(Activity)
Return all the entries below exactly, except for the images they hold.
+++
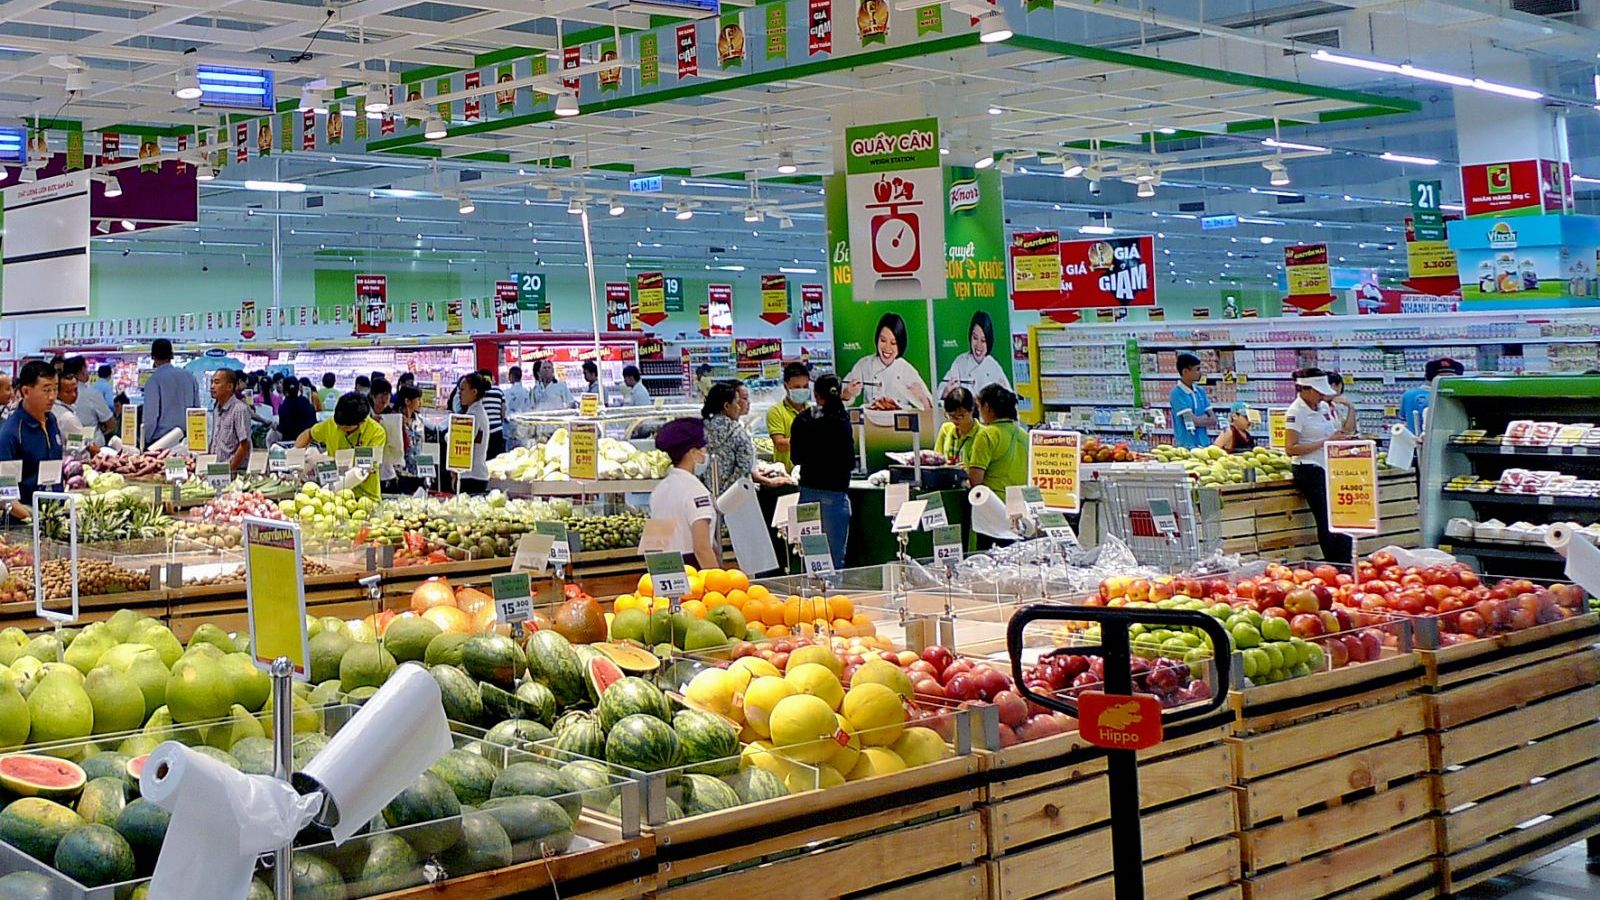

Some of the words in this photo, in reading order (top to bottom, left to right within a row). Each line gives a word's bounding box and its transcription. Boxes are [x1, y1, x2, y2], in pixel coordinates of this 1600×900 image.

[899, 131, 932, 151] CÂN
[951, 187, 980, 205] Knorr
[1418, 184, 1434, 208] 21
[1114, 243, 1140, 260] GIÁ
[1066, 260, 1088, 276] GIÁ
[522, 275, 541, 291] 20
[666, 279, 678, 294] 19
[1098, 264, 1148, 300] GIẢM
[1098, 728, 1140, 744] Hippo
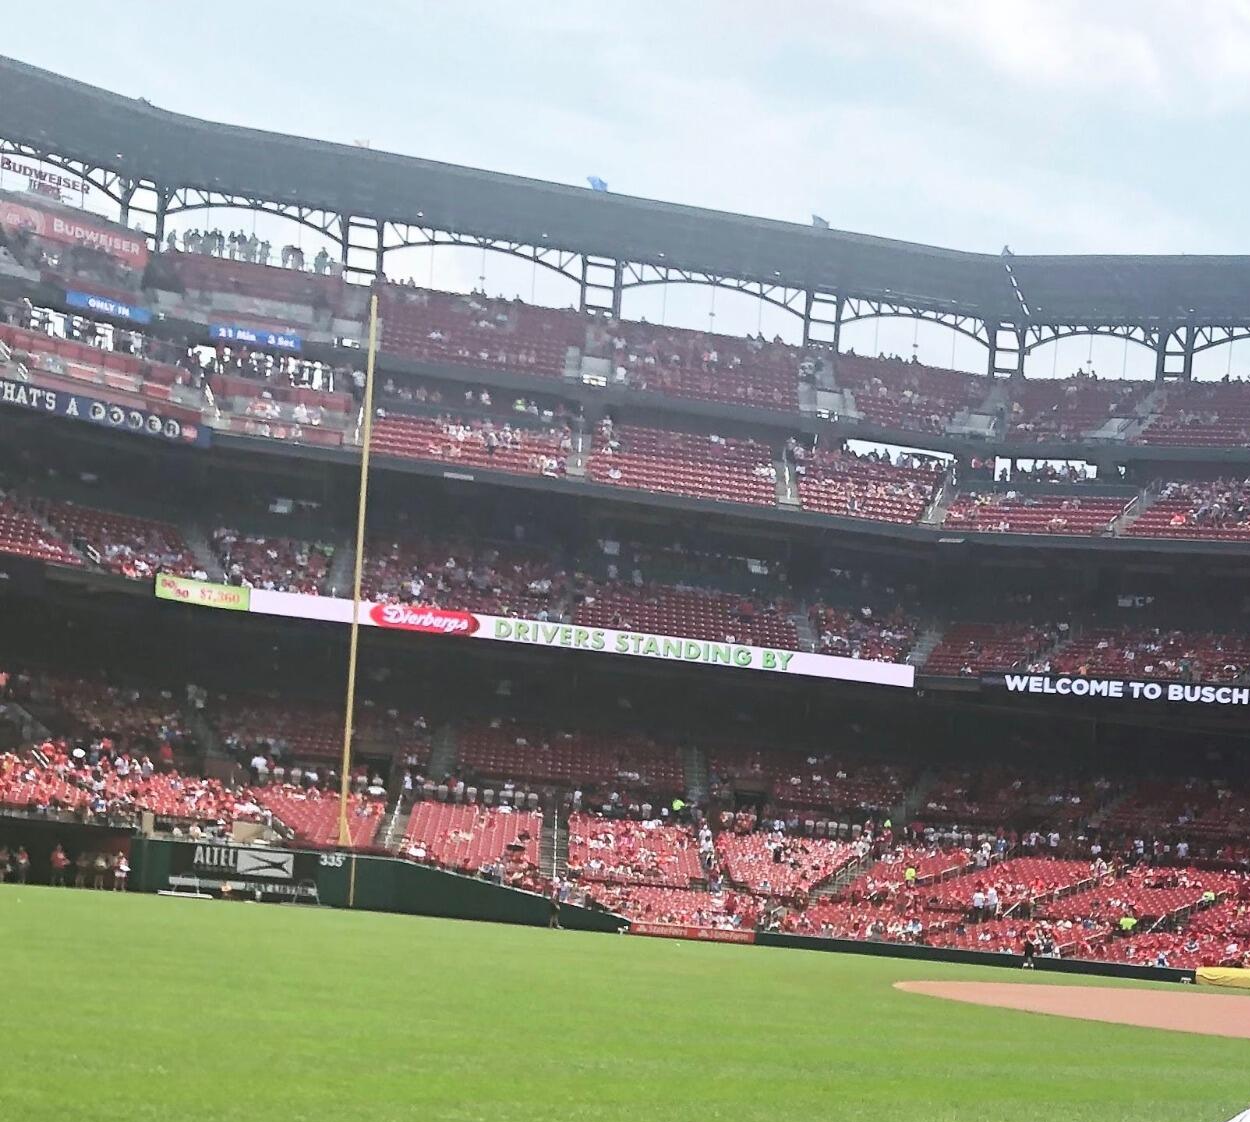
+++
(Response to the exercise)
Some of the words in this photo, in reading order (top to bottom, left to right within a row). Each line gives a word's bounding box and its transcription. Boxes are [x1, y1, x2, y2], in pixel coordinates of this 1600×900 image.

[899, 131, 932, 151] CÂN
[951, 187, 980, 205] Knorr
[1418, 184, 1434, 208] 21
[1114, 243, 1140, 260] GIÁ
[1066, 260, 1088, 276] GIÁ
[522, 275, 541, 291] 20
[666, 279, 678, 294] 19
[1098, 264, 1148, 300] GIẢM
[1098, 728, 1140, 744] Hippo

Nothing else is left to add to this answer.